Et voilà comment M. Z... a commencé la série de ses quarante millions.
Il n'est bruit dans le monde littéraire que des lettres posthumes de Prosper Mérimée, lesquelles vont paraître très-prochainement. On est déjà fort occupé à lire la dernière œuvre de l'incomparable conteur: Dernières nouvelles. Quant à la correspondance en question, elle abonde, paraît-il, en révélations piquantes et inattendues. On y apprend, par exemple, que, dès l'année 1864, l'auteur de Colomba avait épousé, en secret, la comtesse de Montijo, mère de l'impératrice Eugénie. A la vérité, on soupçonnait depuis longtemps le fait. Trois lettres l'établissent formellement. Tout cela fait d'autant mieux comprendre ce qu'on lit sur le manuscrit de la Chambre bleue, ce conte à la Boccace qui nous vient par les Papier trouvés aux Tuileries. Je veux parler de cette signature curieuse: Le fou de l'impératrice, Prosper Mérimée.
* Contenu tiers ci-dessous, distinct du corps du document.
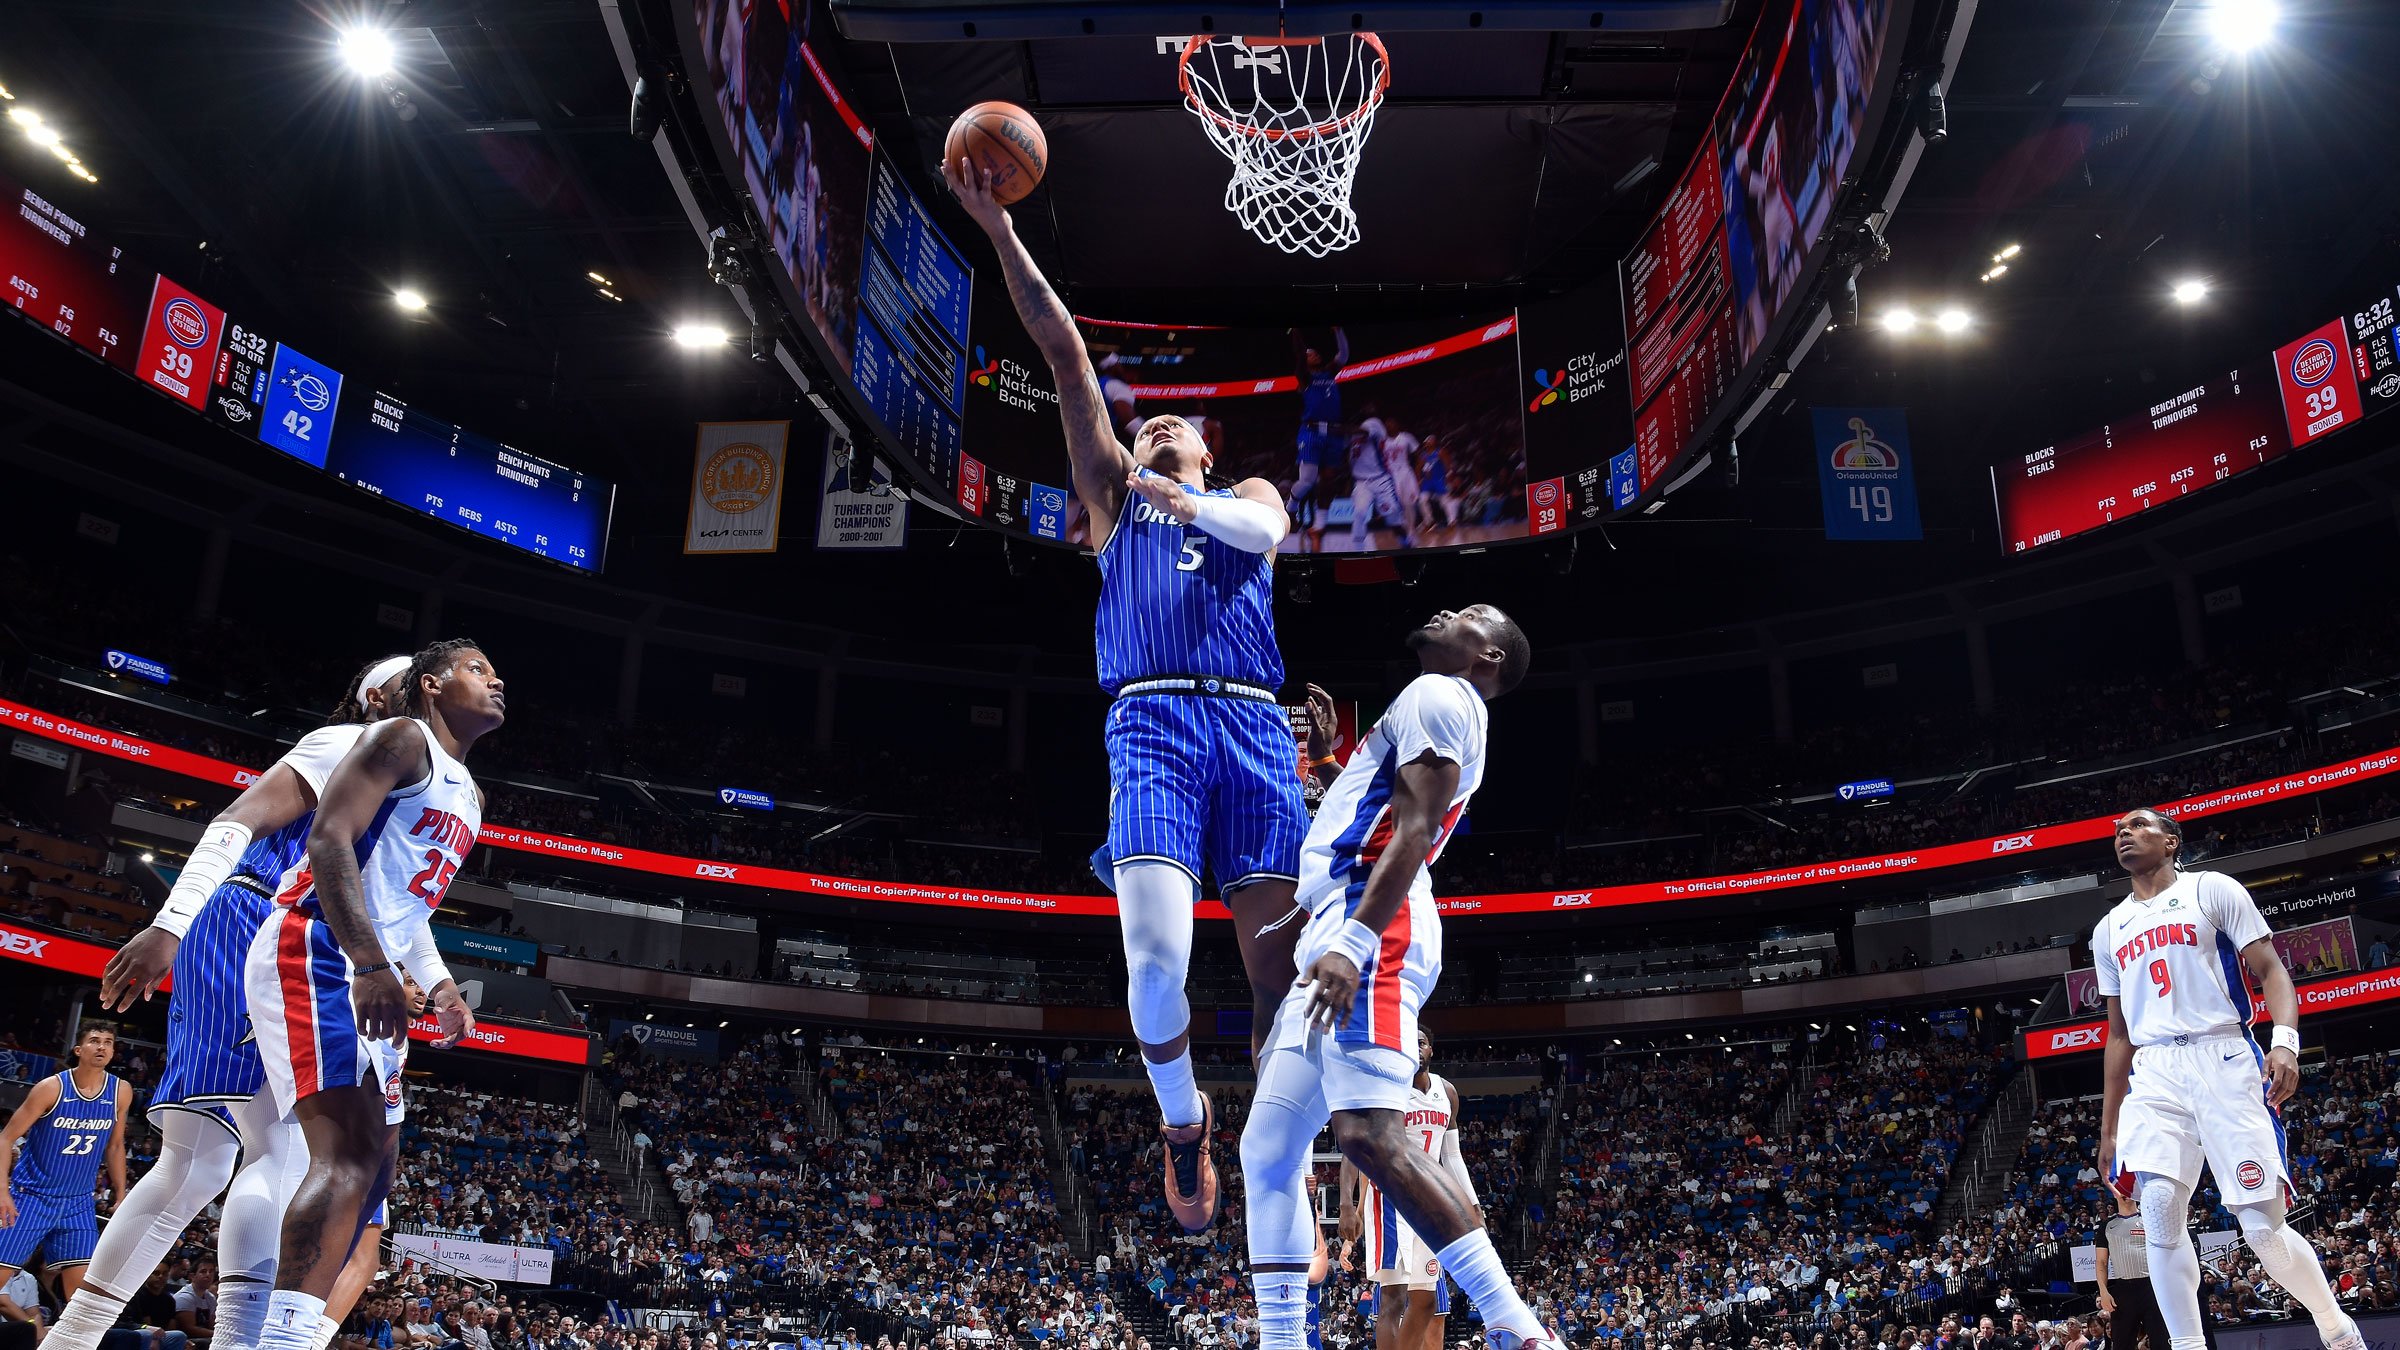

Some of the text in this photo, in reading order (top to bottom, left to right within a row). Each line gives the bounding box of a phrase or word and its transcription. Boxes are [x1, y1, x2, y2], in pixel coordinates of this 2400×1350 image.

[1001, 119, 1044, 175] Wilson
[23, 188, 86, 237] BENCH POINTS
[19, 204, 72, 246] TURNOVERS
[112, 246, 122, 259] 17
[9, 275, 118, 346] ASTS FG FLS
[174, 309, 201, 329] DETROIT
[2354, 298, 2393, 330] 6:32
[54, 319, 72, 336] 0/2
[172, 317, 199, 337] PISTONS
[2357, 314, 2394, 340] 2ND QTR
[231, 324, 268, 356] 6:32
[2372, 335, 2387, 350] FLS
[160, 344, 193, 379] 39
[229, 341, 264, 365] 2ND QTR
[1567, 352, 1596, 372] City
[2300, 351, 2326, 368] DETROIT
[2373, 346, 2390, 360] TOL
[236, 361, 251, 375] FLS
[1000, 358, 1031, 381] City
[1569, 349, 1624, 388] National
[2301, 357, 2328, 376] PISTONS
[2375, 357, 2393, 371] CHL
[158, 374, 186, 394] BONUS
[234, 371, 249, 385] TOL
[2230, 369, 2238, 382] 17
[232, 381, 247, 396] CHL
[1000, 372, 1059, 405] Nationa
[1570, 378, 1606, 403] Bank
[2234, 384, 2241, 395] 8
[2370, 380, 2388, 396] Hard
[217, 396, 252, 421] Hard Rock
[373, 399, 404, 420] BLOCKS
[999, 388, 1037, 413] Bank
[2150, 385, 2206, 417] BENCH POINTS
[2305, 385, 2337, 418] 39
[282, 409, 313, 441] 42
[371, 413, 400, 433] STEALS
[2152, 403, 2198, 430] TURNOVERS
[2312, 414, 2339, 433] BONUS
[452, 433, 459, 444] 2
[2104, 425, 2110, 435] 2
[2106, 438, 2112, 449] 5
[498, 451, 524, 470] BENCH
[523, 461, 551, 479] POINTS
[2025, 446, 2055, 465] BLOCKS
[496, 464, 540, 489] TURNOVERS
[707, 453, 726, 477] GREEN
[727, 446, 763, 461] BUILDING
[760, 457, 771, 492] COUNCIL
[1578, 469, 1598, 483] 6:32
[1836, 472, 1898, 480] OrlandoUnited
[2027, 460, 2055, 477] STEALS
[2098, 435, 2268, 511] PTS REBS ASTS FG FLS
[573, 479, 582, 490] 10
[997, 475, 1016, 489] 6:32
[1621, 478, 1634, 495] 42
[963, 485, 976, 502] 39
[2106, 466, 2230, 522] 0 0/2
[721, 501, 750, 511] USGBC
[834, 503, 894, 517] TURNER CUP
[1849, 486, 1893, 522] 49
[426, 493, 586, 559] PTS REBS ASTS FG FLS
[834, 516, 891, 529] CHAMPIONS
[1039, 514, 1056, 529] 42
[1538, 509, 1556, 524] 39
[732, 529, 764, 537] CENTER
[839, 532, 883, 543] 2000-2001
[2015, 529, 2062, 552] 20 LANIER
[1176, 536, 1208, 572] 5
[127, 658, 166, 675] FANDUEL
[15, 712, 151, 757] of the Orlando Magic
[1856, 781, 1890, 792] FANDUEL
[2183, 788, 2265, 812] Copier/Printer
[2268, 783, 2281, 794] of
[2283, 778, 2305, 790] the
[2307, 766, 2357, 785] Orlando
[2359, 755, 2398, 772] Magic
[738, 792, 770, 803] FANDUEL
[509, 834, 520, 842] of
[523, 836, 541, 846] the
[545, 839, 588, 854] Orlando
[591, 847, 623, 860] Magic
[1992, 834, 2036, 854] DEX
[407, 848, 458, 910] 25
[695, 863, 738, 879] DEX
[1664, 856, 1918, 895] The Official Copier/Printer of the Orlando Magic
[810, 878, 1057, 908] The Official Copier/Printer of the Orlando Magic
[1552, 892, 1593, 907] DEX
[2280, 887, 2356, 913] Turbo-Hybrid
[1450, 900, 1482, 911] Magic
[2116, 922, 2198, 972] PISTONS
[2149, 958, 2172, 998] 9
[408, 1019, 443, 1034] Orlan
[654, 1029, 698, 1042] FANDUEL
[2051, 1026, 2103, 1049] DEX
[1404, 1109, 1450, 1128] PISTONS
[62, 1134, 98, 1156] 23
[1421, 1130, 1433, 1154] 7
[441, 1250, 471, 1261] ULTRA
[521, 1259, 549, 1269] ULTRA
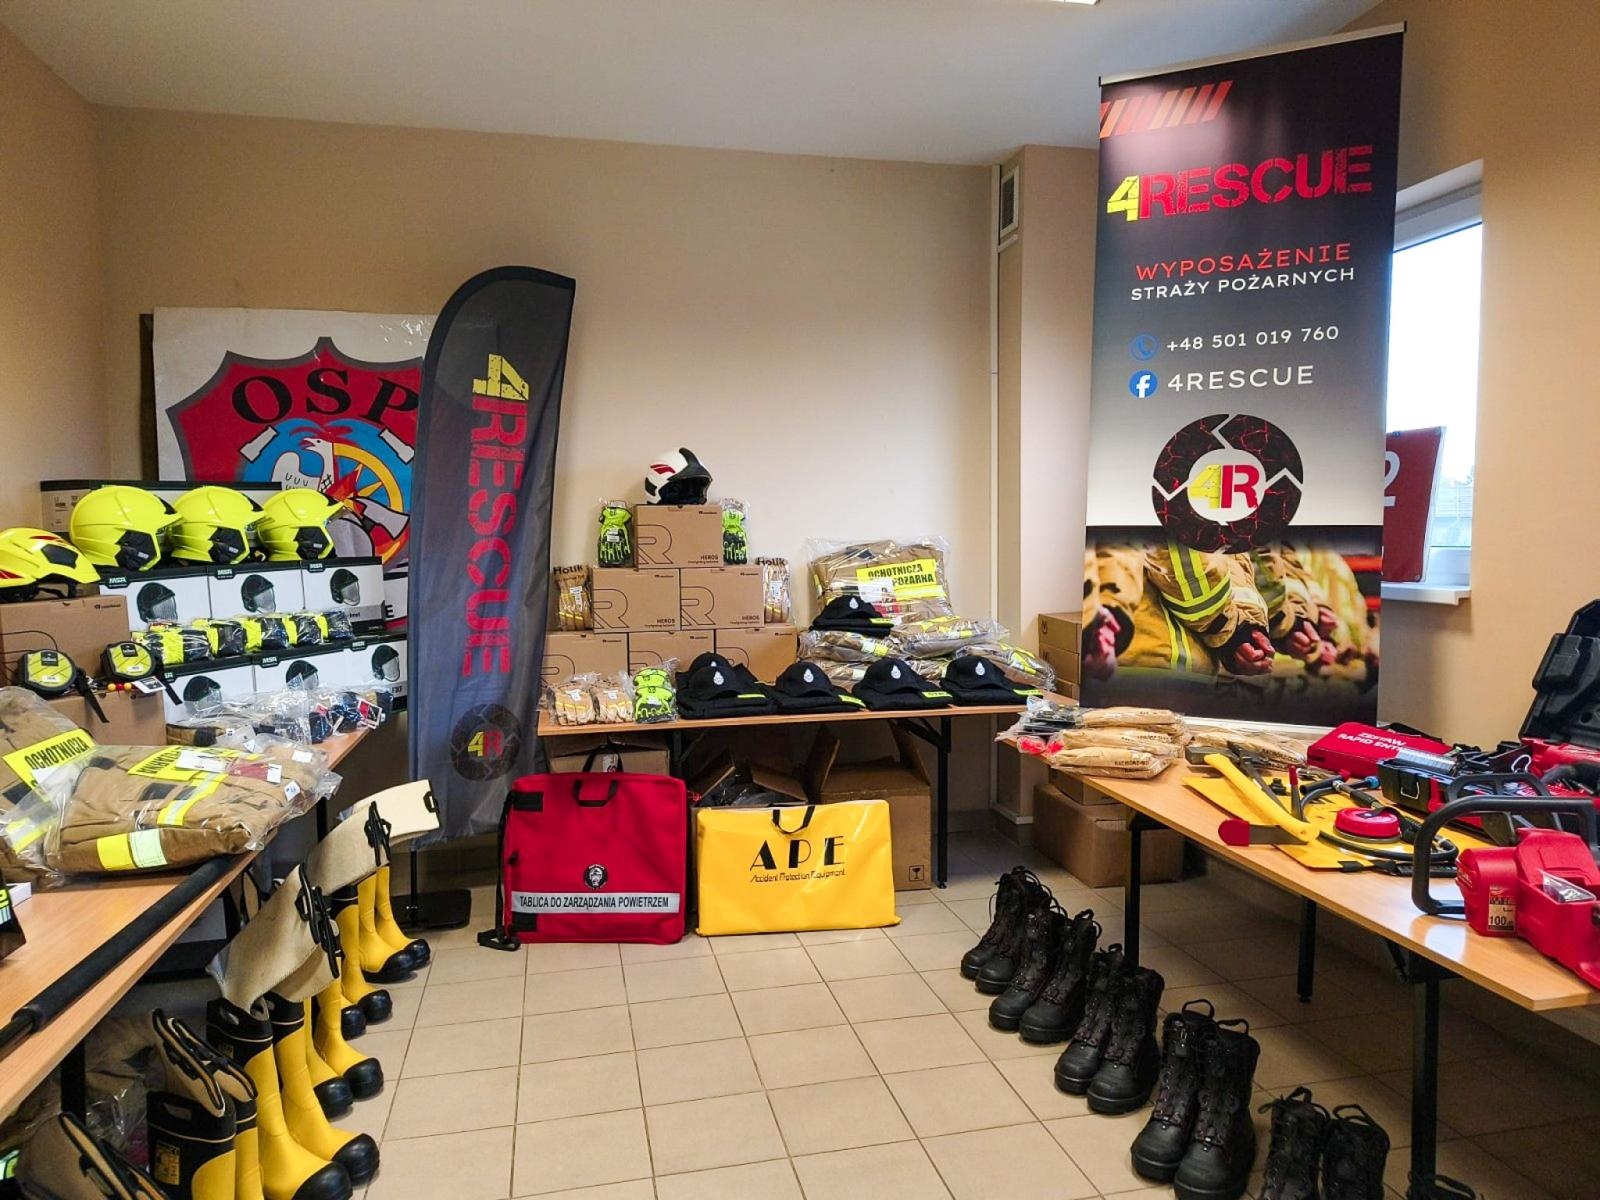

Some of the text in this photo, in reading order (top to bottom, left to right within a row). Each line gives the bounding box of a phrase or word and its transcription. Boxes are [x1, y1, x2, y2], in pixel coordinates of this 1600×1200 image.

[1106, 144, 1373, 221] 4RESCUE
[1136, 243, 1351, 281] WYPOSAŻENIE
[1131, 267, 1355, 302] STRAŻY POŻARNYCH
[1166, 325, 1340, 352] +48 501 019 760
[1167, 365, 1314, 392] 4RESCUE
[231, 367, 419, 425] OSP
[1186, 464, 1260, 510] 4R
[462, 353, 530, 678] 4RESCUE
[24, 736, 89, 770] OCHOTNICZA
[1337, 733, 1374, 745] RAPID
[1358, 732, 1407, 746] ZESTAW
[519, 895, 669, 910] TABLICA DO ZARZĄDZANIA POWIETRZEM
[1489, 916, 1506, 925] 100
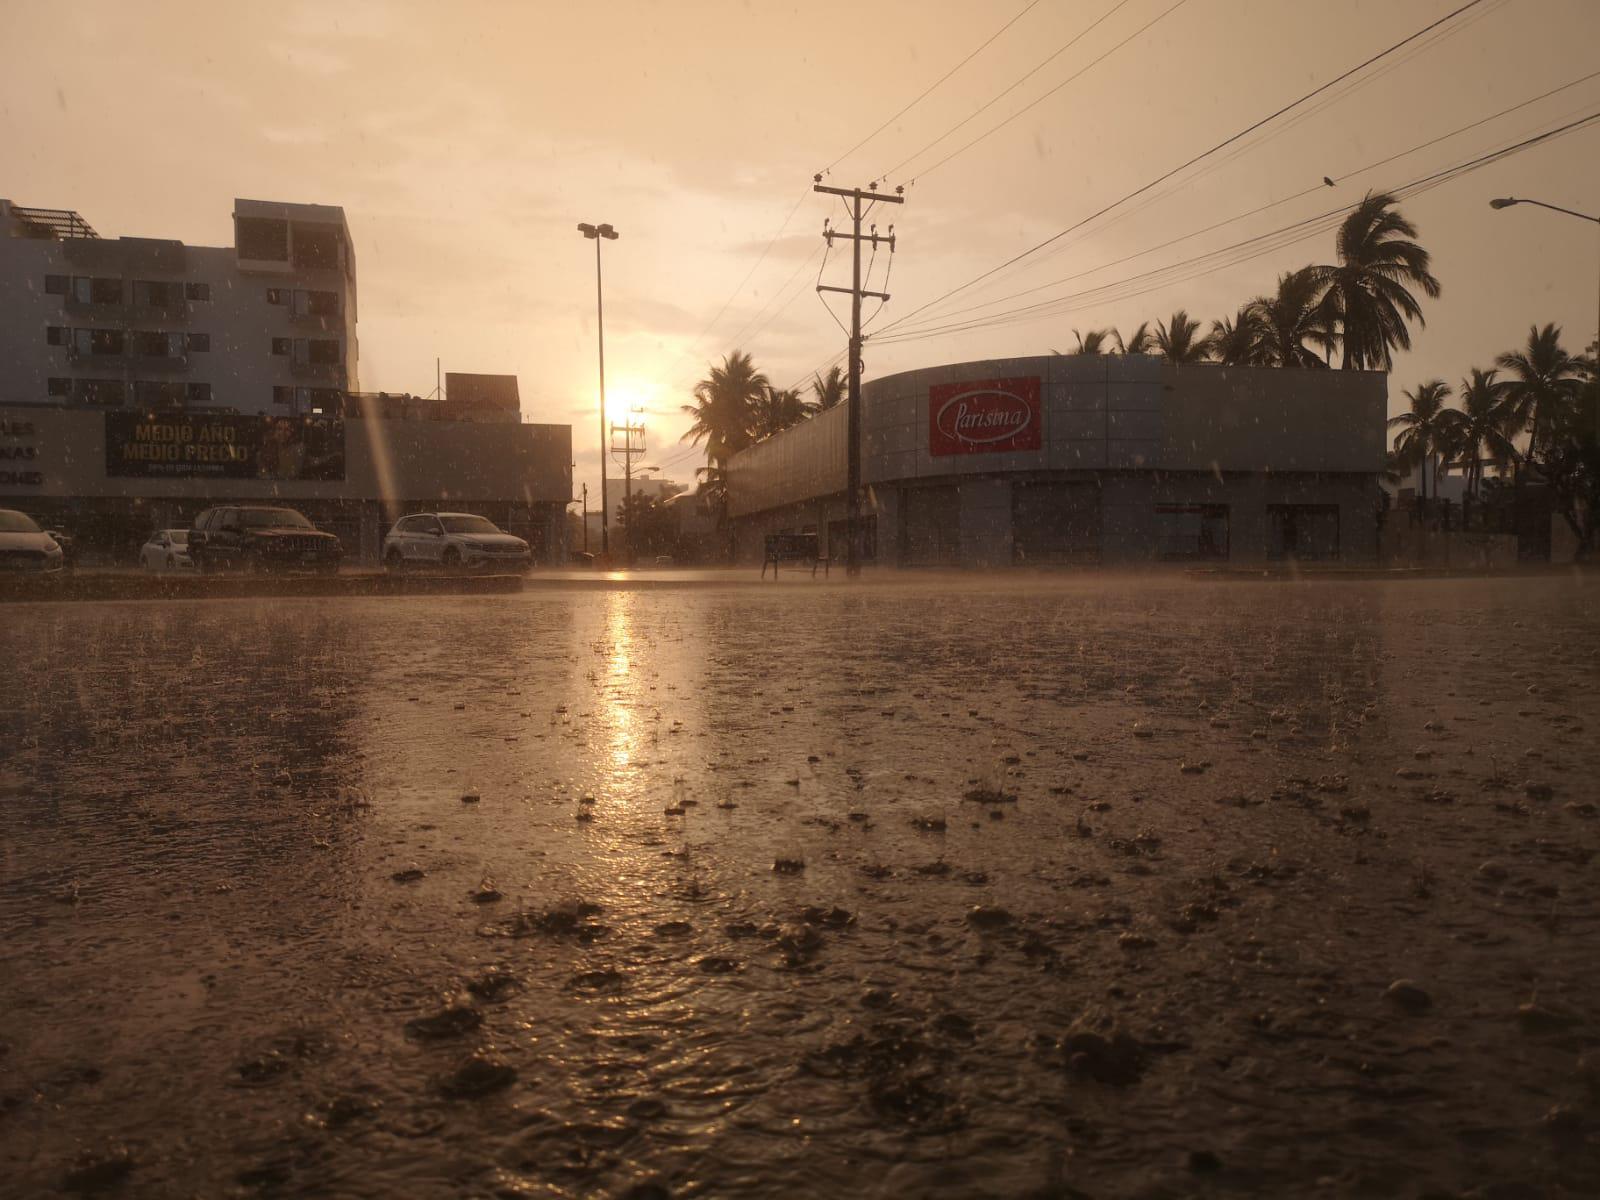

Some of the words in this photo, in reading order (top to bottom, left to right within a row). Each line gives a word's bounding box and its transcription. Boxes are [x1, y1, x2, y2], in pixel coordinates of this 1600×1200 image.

A l'adresse des peintres de notre temps.
Un travers, une faiblesse de ces artistes consiste à ne vouloir être critiqués que par ceux qui se connaissent expressément en peinture. La chose date de loin, dira-t-on, puisqu'il en est déjà question dans la biographie d'Apelle. Mais de nos jours elle a réellement pris trop d'importance.--Voici un trait, tout récent, qui démontre combien ce préjugé des peintres est peu fondé. Le premier venu peut juger un tableau et le bien juger.
Dimanche dernier, en parcourant les galeries du Louvre, X... se trouvait derrière un groupe de gens de maison, domestiques de tout calibre émerveillés à l'aspect de tant de belles toiles.
Le tableau de Drolling père, Un intérieur de cuisine y fixa longtemps les regards des visiteurs en livrée.
--Quelles marmites à donner envie de tâter au pot-au-feu!
--Quelles belles casseroles bien étamées et bien reluisantes!
--Voilà des carottes comme il n'y en a pas sur la table d'un roi!
--C'est fâcheux, observa une chambrière: le manche de ce balai est trop long et trop gros; on ne pourrait s'en servir.